Packer sells up Top End

Read it in The Land

James Packer is set to sell off his family’s huge rural holdings built up over a quarter of a century, as the credit crunch severely dampens investors’ ability to borrow.

Reports indicate that British private equity firm Terra Firma is interested in buying the Packer family’s 16 properties, for about $425 million.

Although Packer was considering selling a stake of his Consolidated Pastoral Company to private equity early last year, he had intended to retain his family’s links to an iconic Australian business that his father, the late Kerry Packer, began 25 years ago.

But the credit crunch seems to have put paid to those hopes.

Packer will sell 90pc of Consolidated Pastoral, Australia’s second-largest cattle owner, to Terra Firma and allow Ken Warriner, a long-time family friend and boss of the cattle empire, to keep his 10pc holding.

The sale will force the billionaire, who worked as a jackeroo on one of the family stations in the Northern Territory as a teenager, to relinquish his title as one of Australia’s largest landholders.

Terra Firma is not the first overseas investor to buy great swathes of Australia’s outback cattle stations in recent years.

In 2005, the Sultan of Brunei bought five cattle stations, joining other investors from Malaysia, Indonesia, Argentina and the US.

The pending sale, expected to be finalised early in the new year, comes at a high point for the price of remote cattle properties in northern Australia, because of the expected growing demand for beef exports in China and India and weakness in the Australian dollar.

Packer is also rumoured to have quietly put the last of his media interests — a 38pc stake in Consolidated Media Holdings — on the auction block.

His gambling investments have been under pressure.

Crown has been forced to put in an extra $C20 million ($A24.8 million) to fund nine casinos in Canada through a joint venture with Macquarie Bank.

Earlier this month, Crown launched a $300 million equity placement to strengthen its balance sheet to help weather the gambling downturn in the US, Macau and Australia.

Packer’s pastoral interests are little known to those outside the pastoral industry, as part of his extensive financial empire.

Consolidated Pastoral is a part of the family’s private company, Consolidated Press Holdings, and owns 17 beef-producing properties — mostly in the Northern Territory and Queensland — covering more than 5 million hectares, or almost the size of Tasmania. It employs 139 people, nearly half of whom are station hands or jackeroos.

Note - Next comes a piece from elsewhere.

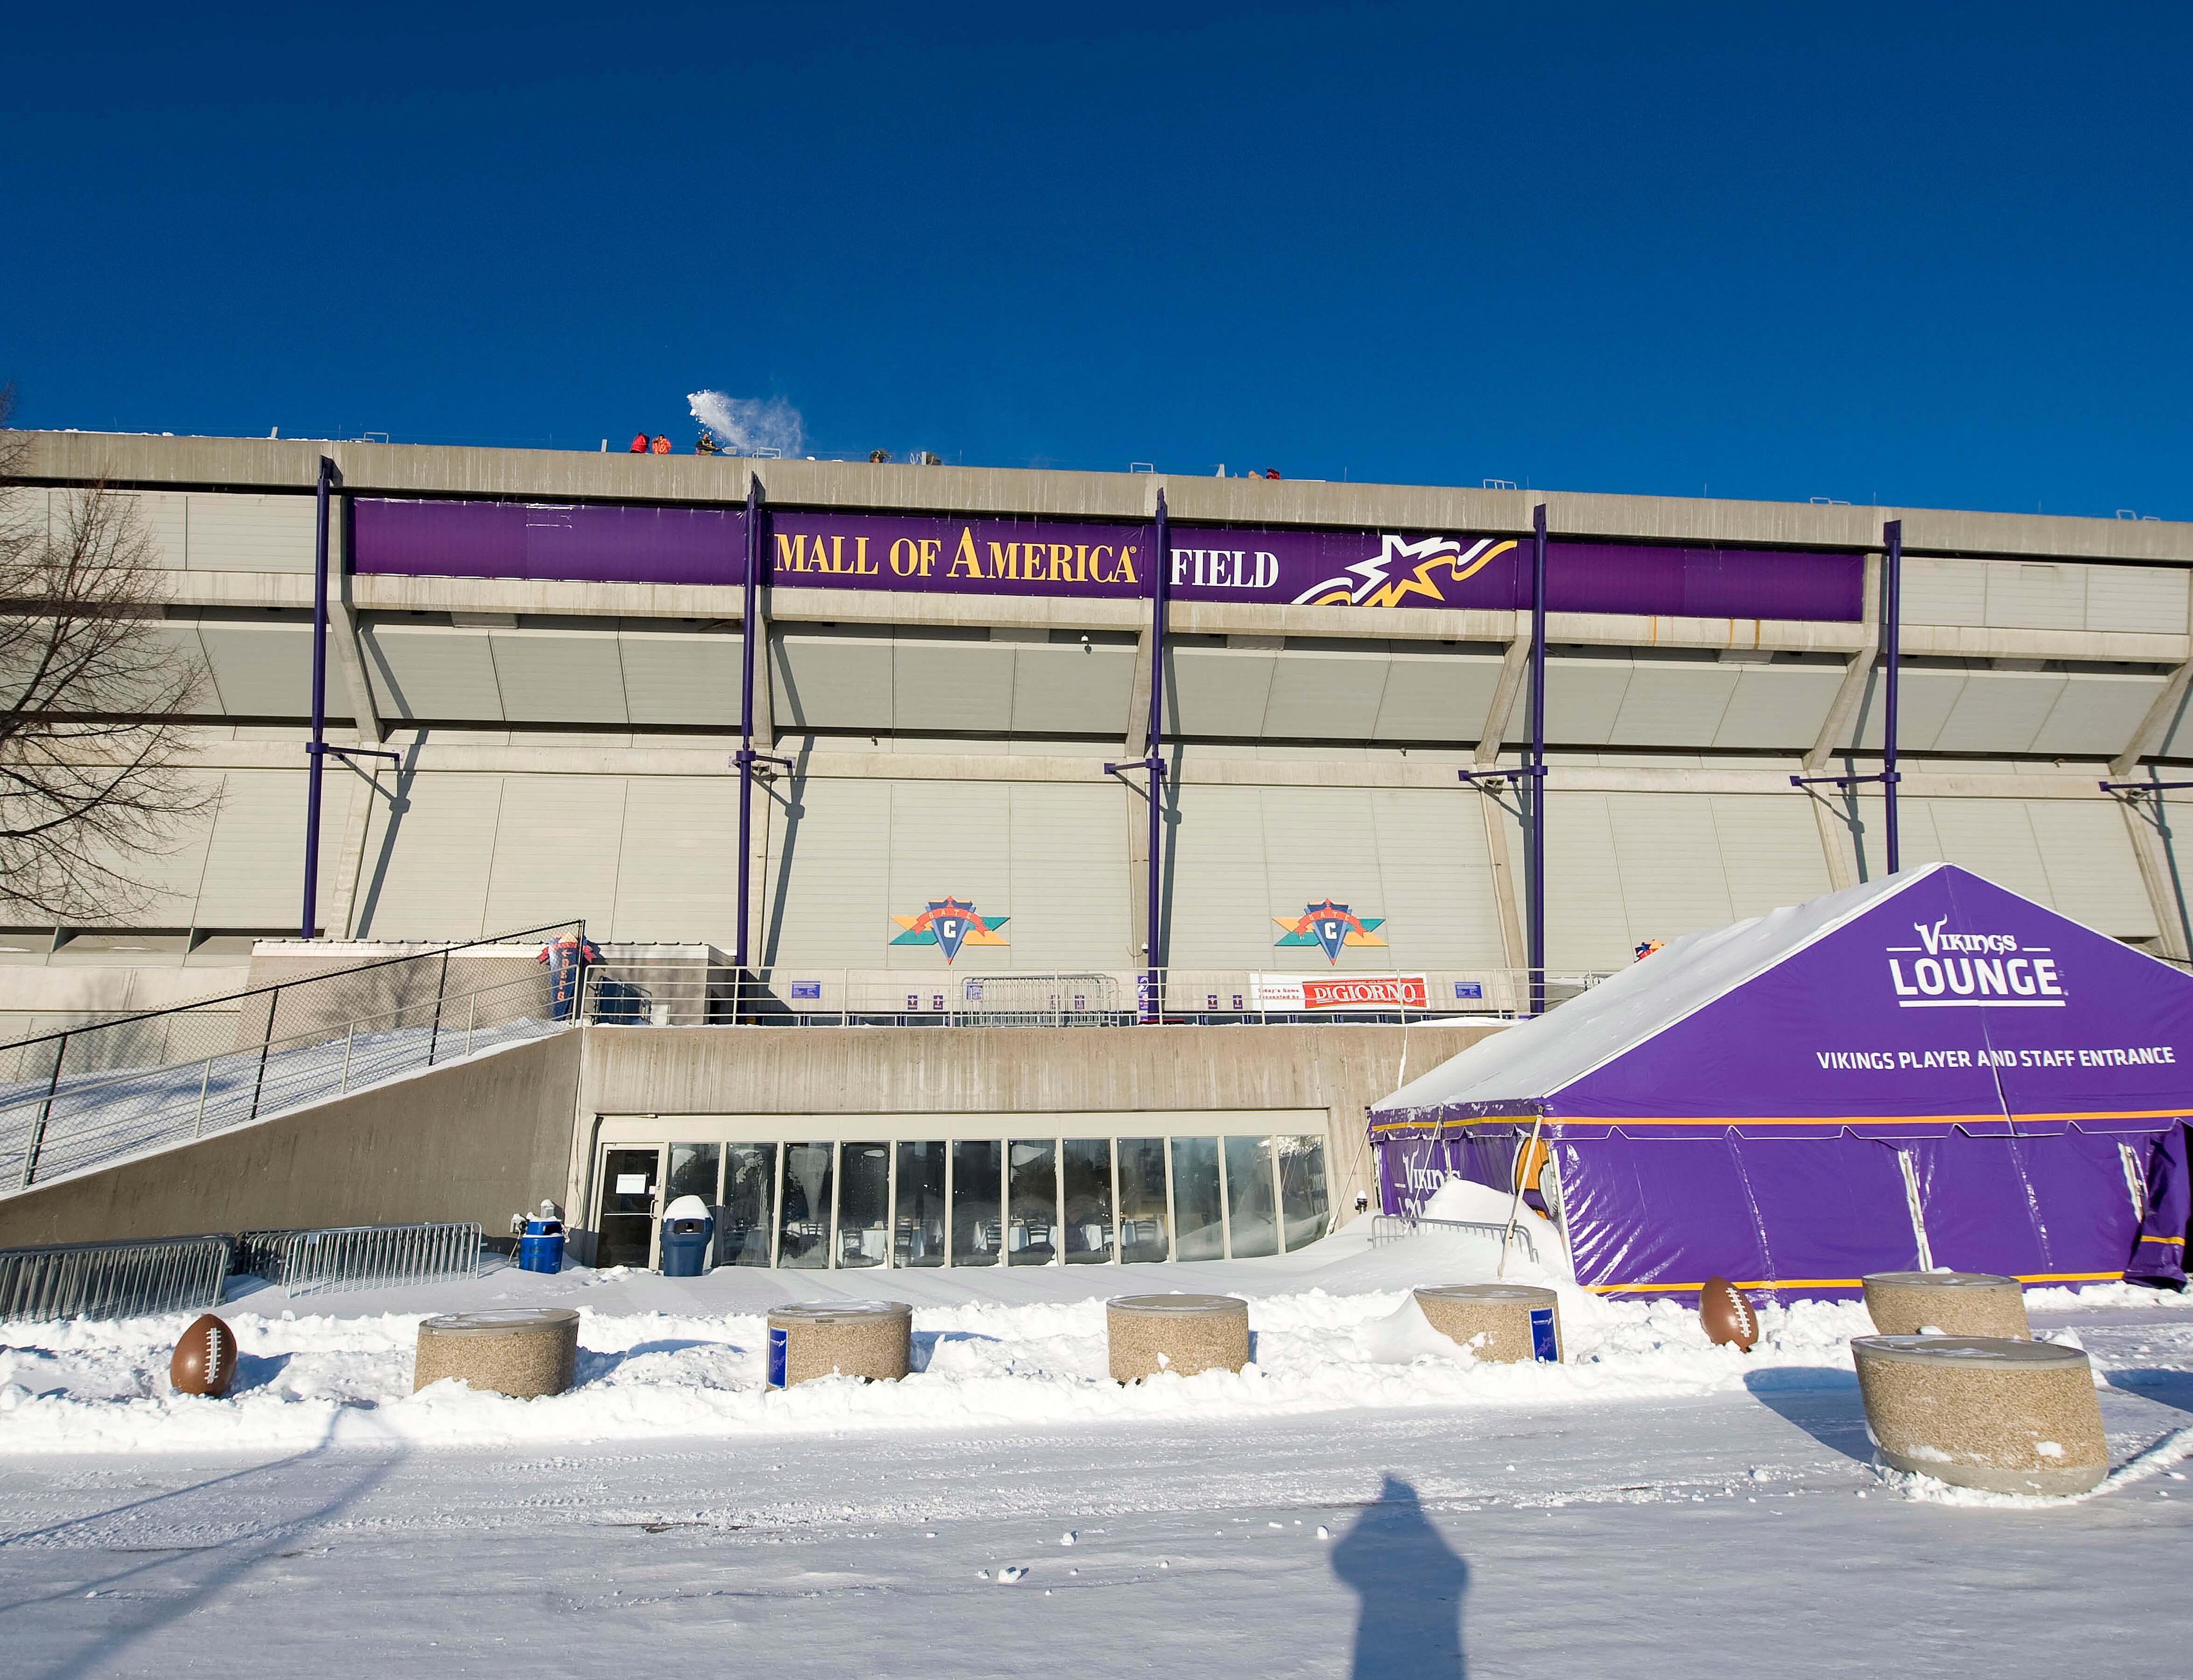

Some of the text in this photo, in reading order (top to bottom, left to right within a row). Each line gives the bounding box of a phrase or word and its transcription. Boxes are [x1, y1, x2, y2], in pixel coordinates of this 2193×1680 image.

The properties include the 1 million-hectare Newcastle Waters station in the Northern Territory, bought in 1983 (pictured) and also home bases for Ken Warriner when he in the cattle country.

Like his love for television, James’ father showed a close interest in the family properties. “It is one thing that Kerry really liked about it, compared to television,” Warriner once said.

“He said, ‘You guys tell each other everything. You’ve got nothing to hide; it’s all open.’ He had a lot of time for the people in the north because they copped it pretty tough.”

The cattle are either exported to South-East Asia via Darwin, or to Japan, or sent to the Australian market.

They are bred on the vast outlying properties, then trucked south where they are fattened on properties in southern Queensland.

It is unclear whether the latest sale will involve just the stations or whether it will include Packer’s interests in the live-cattle export business and processing.

Packer plans to sell only 16 stations because he would be loath to even consider parting with the flagship family property, Ellerston, in the Hunter Valley, NSW.

Parts of Ellerston have been in the family since 1956 and James’ father is buried there.

Consolidated Pastoral racked up a loss of $20 million in 2007-08, according to the latest financial statement filed with the Australian Securities and Investments Commission in November. But this was an improvement on a loss of about $24 million the previous year and $36 million in 2005-06.

The latest accounts show the company’s revenue of $36 million a year.

Consolidated Pastoral has total debts of $684 million, including $459 million owing to its controlled entities and $225 million in non-current bank debt.

Its 300,000 head of cattle are valued at $145 million.